Cargaba mi compadre las culpas sobre mí, a todas luces por no hacerlo sobre la sacerdotisa. Refrené mis palabras, y entonces vi que Briseida echaba mano de su alforja. Buscó dentro, y al cabo sacó de ella un objeto cubierto cuidadosamente entre paños ungidos. Deshizo los nudos que los ataban, y apareció entre sus manos el brazal de la Esfinge, aquel que ella y yo habíamos recuperado de manos de Akil, el Observador de la Torre. ¡Y el objeto pareció palpitar en sus manos!

―¡La Esfinge no está lejos! ―exclamó, y en aquel momento las puertas del elevador del centro de la sala se cerraron de pronto y descendió como un relámpago, abandonándonos allí arriba encerrados.

Quedamos en suspenso, y ya se aprestaba Asterión a romper en nuevas maldiciones y quebrantos cuando escuchamos regresar al elevador.

―¡Vuelve! ―grité yo―. ¡Asterión, prepárate! ¡No sabemos quién subirá en ese cachivache!

―¡Estoy desarmado, maldito español! ―protestó él, pero no hubo tiempo para más cuitas.

El elevador regresó a la sala del sarcófago y se detuvo. Llegaba inundado por una espesa humareda que nos impedía ver su interior, y entonces la puerta se abrió.

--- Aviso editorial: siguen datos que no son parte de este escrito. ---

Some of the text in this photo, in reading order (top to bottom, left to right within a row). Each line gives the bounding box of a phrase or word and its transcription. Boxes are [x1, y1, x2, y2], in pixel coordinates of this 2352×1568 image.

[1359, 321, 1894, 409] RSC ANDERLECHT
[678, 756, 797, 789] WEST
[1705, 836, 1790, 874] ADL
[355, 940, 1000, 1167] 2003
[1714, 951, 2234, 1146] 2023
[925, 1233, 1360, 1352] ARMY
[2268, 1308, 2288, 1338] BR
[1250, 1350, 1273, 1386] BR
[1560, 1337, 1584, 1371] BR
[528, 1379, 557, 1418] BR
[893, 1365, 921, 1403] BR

Cuando aquel humo que hedía a alcohol abandonó el interior del cubículo pudimos entrever una figura imponente y unos contornos metálicos. Yo me coloqué ante Briseida, con Tasogare presta en la mano, y entonces contemplamos, ya disipadas las últimas volutas de vapor, su interior.

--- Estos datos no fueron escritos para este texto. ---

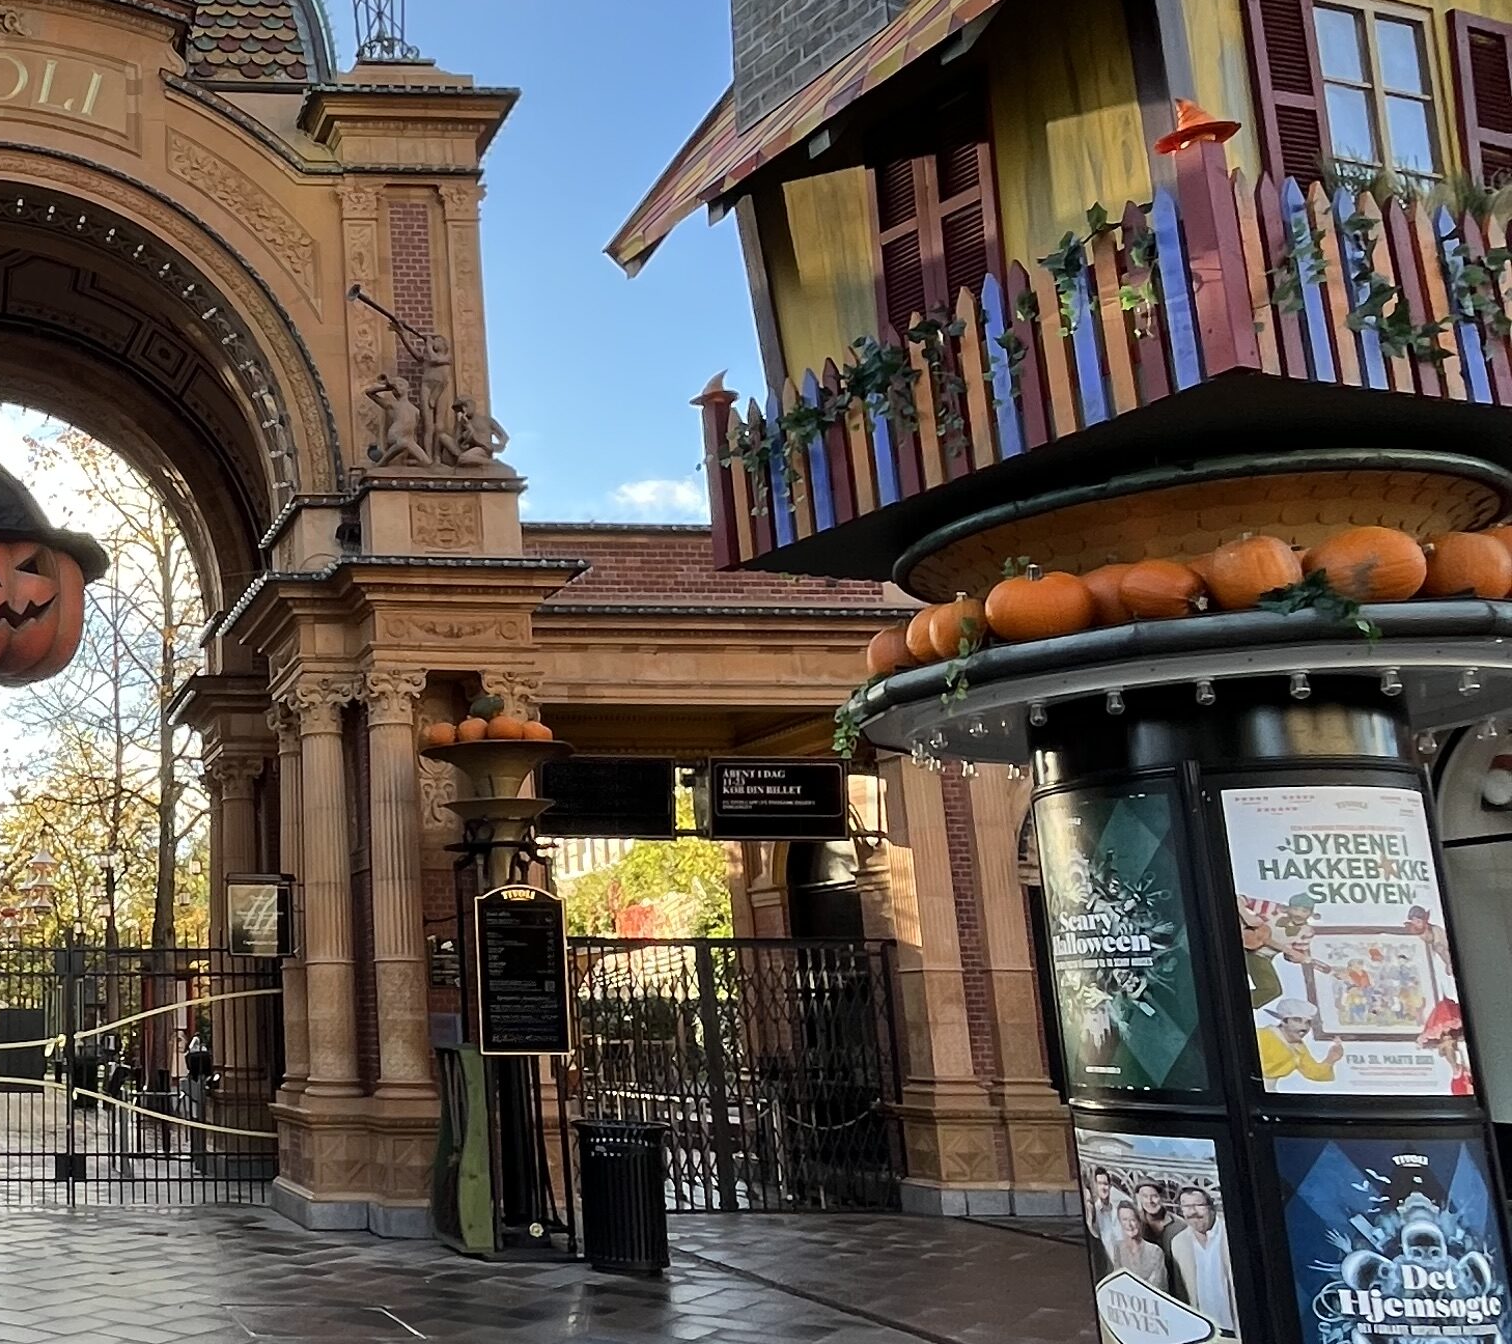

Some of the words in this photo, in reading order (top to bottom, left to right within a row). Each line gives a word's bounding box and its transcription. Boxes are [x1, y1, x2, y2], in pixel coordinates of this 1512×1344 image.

[764, 769, 786, 778] DAG
[746, 785, 764, 794] DIN
[766, 785, 802, 794] BILLET
[1292, 833, 1399, 855] DYRENE
[500, 889, 536, 900] TIVOLI
[1309, 883, 1413, 904] SKOVEN
[1058, 911, 1112, 935] Scary
[1392, 1154, 1429, 1166] TIVOLI
[1400, 1264, 1457, 1290] Det
[1108, 1288, 1161, 1317] TIVOLI

Dentro del elevador reposaba algo así como una estatua maciza hecha de metal. Representaba ―no sé referirlo de otra guisa― una suerte de grifo, semejante al de los bestiarios medievales, algo así como una especie de bestia fabricada del mismo metal que la pirámide y que resultaba al cabo una especie de león alado pero con rostro de hombre y pico de azor. Emanaba de aquella figura aquel mismo zumbido insano de siempre y apestaba también a ozono. Sus inmaculadas placas plateadas nos devolvieron la luz del recinto hasta casi dejarnos ciegos. Resultaba la efigie inanimada, como digo, si bien parecía que en cualquier momento fuese a lanzarse sobre nosotros.

―¡Diosa! ―exclamó entonces Briseida―. ¡Mira, Ruy! ¡Ahí está! ¡Es ella! ¡La Esfinge de Sothis!